## Exercise
Transcribe, exactly and in full, every record shown below, while omitting its images.
#####
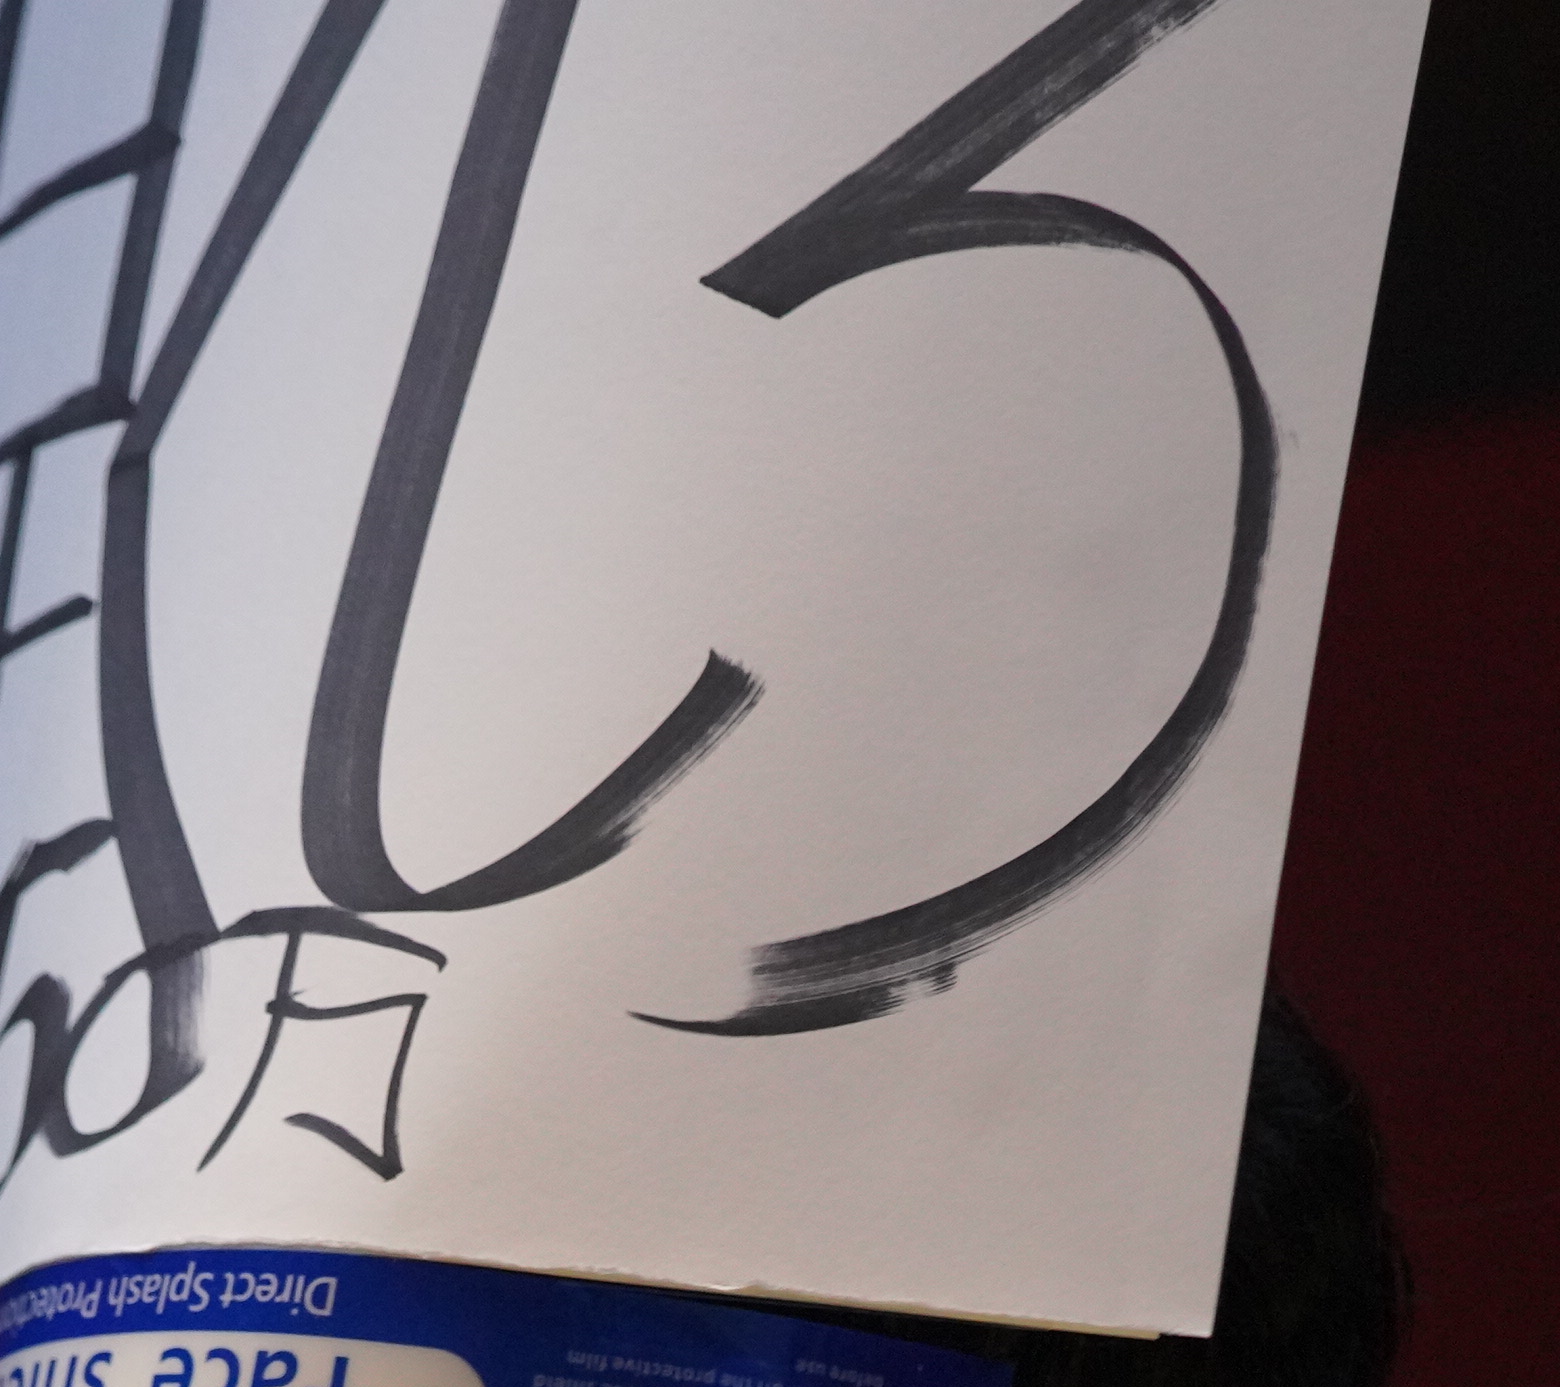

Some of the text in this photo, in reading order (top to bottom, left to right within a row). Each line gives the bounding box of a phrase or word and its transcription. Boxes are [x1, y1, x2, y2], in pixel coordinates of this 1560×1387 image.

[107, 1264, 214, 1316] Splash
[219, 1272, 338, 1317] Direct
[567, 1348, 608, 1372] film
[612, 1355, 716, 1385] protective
#####
## Response
Some of the text in this photo, in reading order (top to bottom, left to right within a row). Each line gives the bounding box of a phrase or word and its transcription. Boxes are [x1, y1, x2, y2], in pixel coordinates of this 1560×1387 image.

[107, 1264, 214, 1316] Splash
[219, 1272, 338, 1317] Direct
[567, 1348, 608, 1372] film
[612, 1355, 716, 1385] protective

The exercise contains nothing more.